A Google researcher found that Microsoft’s Edge browser had a “secret list” of 58 sites that were allowed to run “Adobe Flash” content and that several sites on that list had known glitches that could allow a hacker to circumvent the general block existing in Flash since 2017 . After the complaint about the list being published, Microsoft cut the list and retained only two Facebook addresses.
Flash is a plugin – an out-of-browser program called to interpret certain web content.

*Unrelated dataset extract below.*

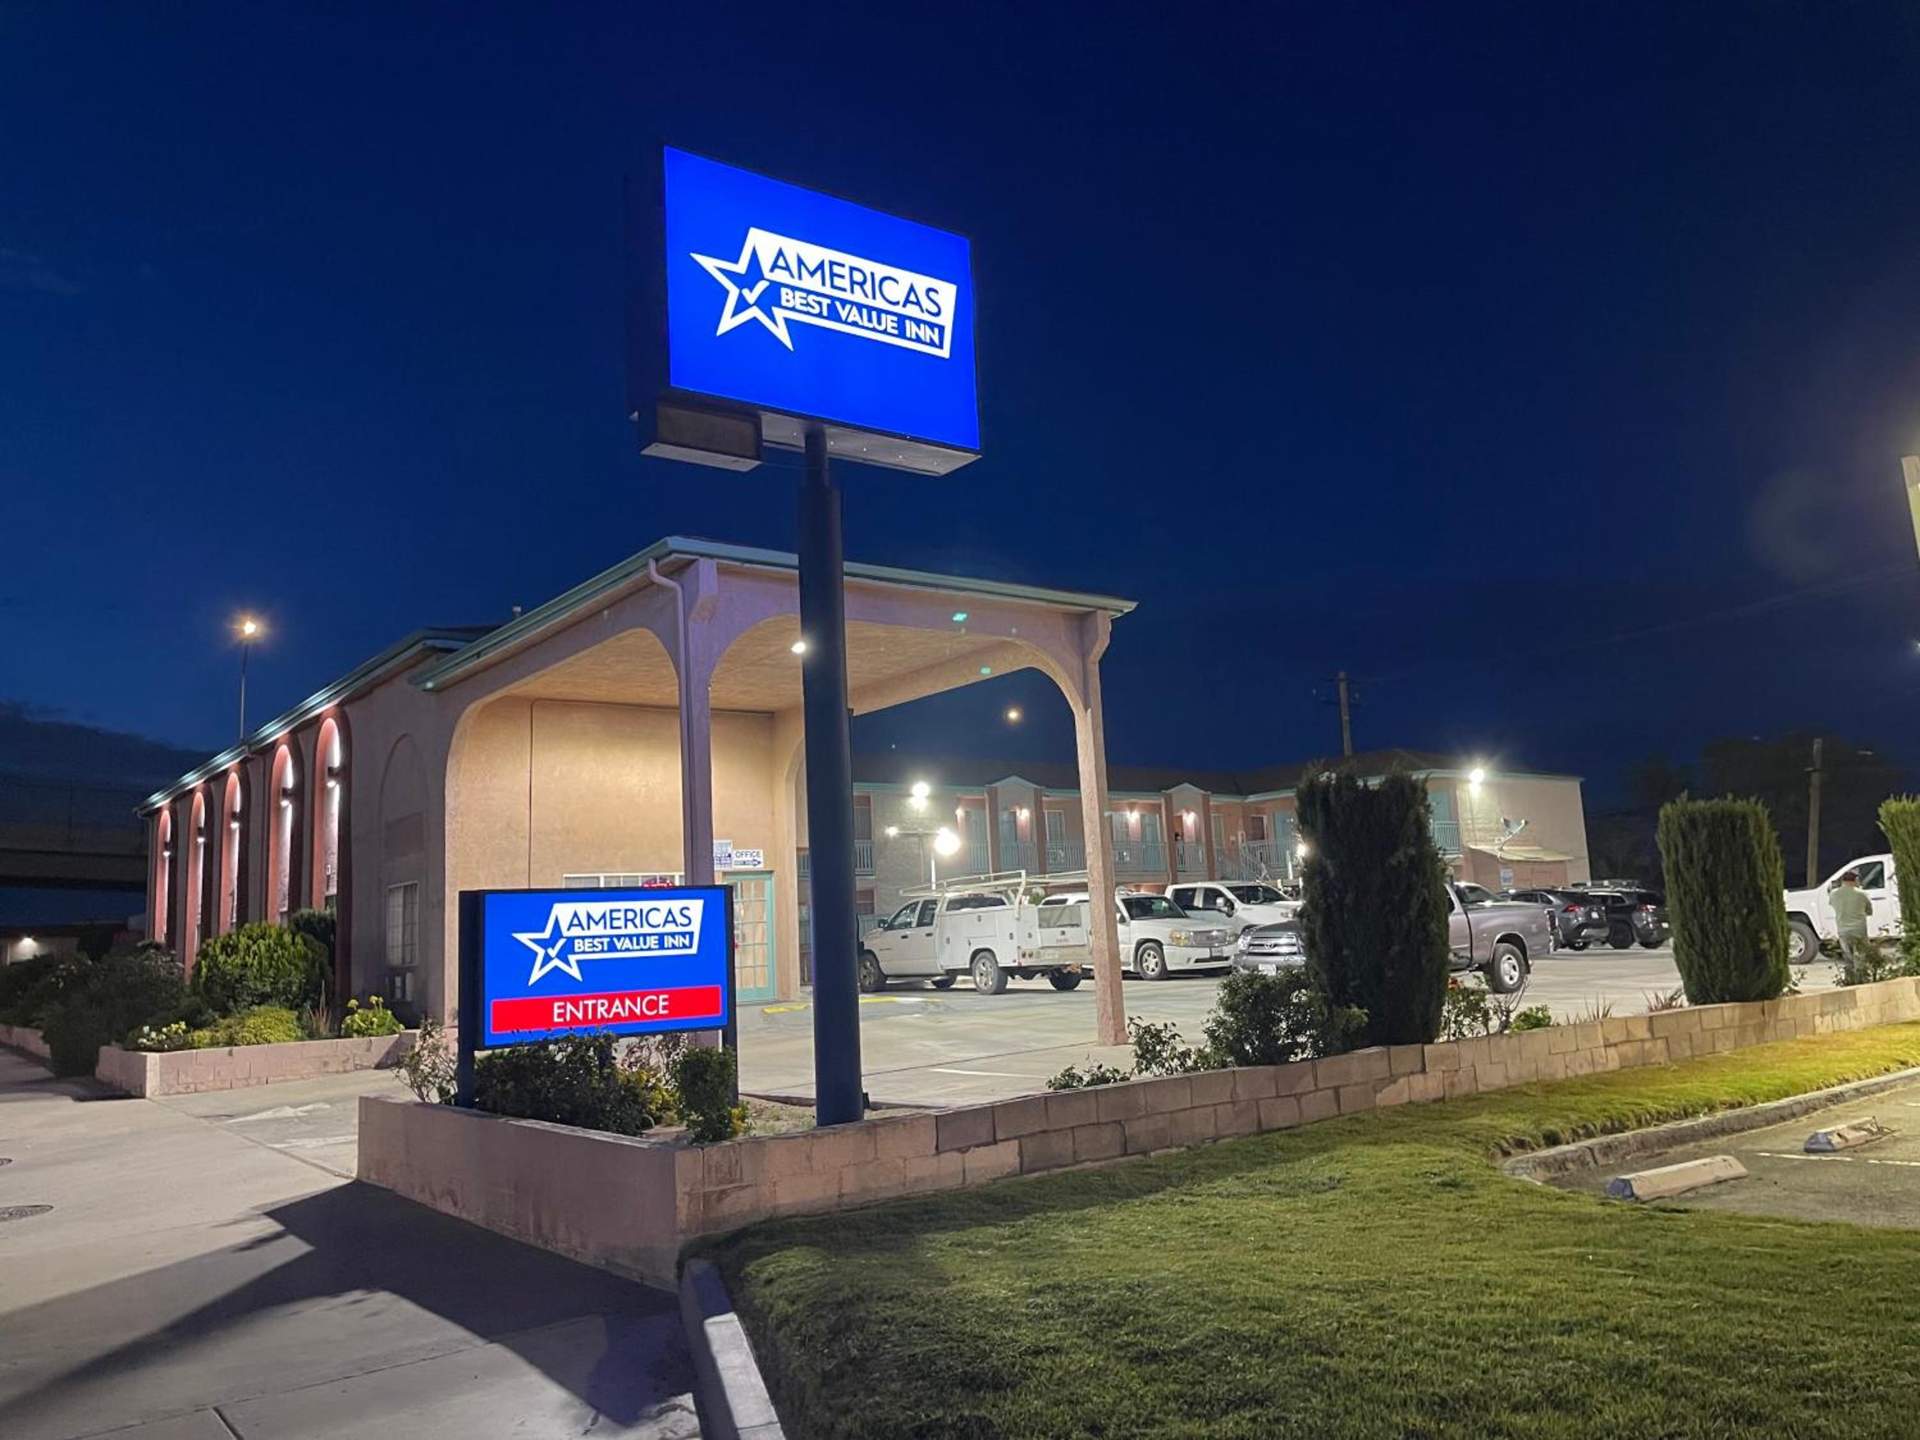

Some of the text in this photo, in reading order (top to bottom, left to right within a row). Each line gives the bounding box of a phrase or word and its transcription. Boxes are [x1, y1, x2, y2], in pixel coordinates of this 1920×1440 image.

Flash is considered a web security risk: in addition to having vulnerabilities, it does not benefit from the protection measures taken by browsers to limit the impact of attacks that can install a virus on the computer by simply visiting a web page. For these reasons, and by the increasing abandonment of Flash, all browsers adopted a general block of content.
However, lists have also been adopted to allow some sites that are heavily dependent on Flash to continue to reproduce this content. The purpose of this is to ensure browser compatibility with these sites. Flash was especially used in browser games, animations and multimedia content playback.

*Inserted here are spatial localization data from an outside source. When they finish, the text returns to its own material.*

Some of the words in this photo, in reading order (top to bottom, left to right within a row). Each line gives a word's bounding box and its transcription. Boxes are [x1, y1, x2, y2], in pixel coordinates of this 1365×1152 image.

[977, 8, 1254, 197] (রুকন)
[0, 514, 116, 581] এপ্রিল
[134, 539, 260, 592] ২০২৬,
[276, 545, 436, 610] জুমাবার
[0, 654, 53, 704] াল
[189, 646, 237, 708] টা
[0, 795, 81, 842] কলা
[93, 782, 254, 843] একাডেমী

In the list of Microsoft included sites such as Facebook, Deezer, a German TV, various game sites and music. The list was encrypted, which required the Google searcher to use a brute-force (trial and error) method to discover the addresses of authorized sites. Of the 58, 2 sites were not identified.
According to Google’s report on the case , however, some of the sites on the list had cross-site scripting (XSS) failures. These failures allow hackers to insert unauthorized content into web pages. While these failures pose no risk to the sites, they may falsify the content of the pages to a web surfer who clicks on a link provided by the hacker.
In practice, it would be possible, through a link, to tamper with the content of those pages and make them load any Flash file. Thus, a hacker who is interested in exploiting a vulnerability in Flash could send a link to Edge users and ensure that their file was read by the browser, despite the existence of the existing lock to avoid exactly that situation.
Flash must be permanently discontinued by Adobe by 2020. All Flash features – including animations, video and music – are now part of the web’s own technologies, which means that websites no longer need to call the plugin for this type of content. However, converting old content is not simple to perform.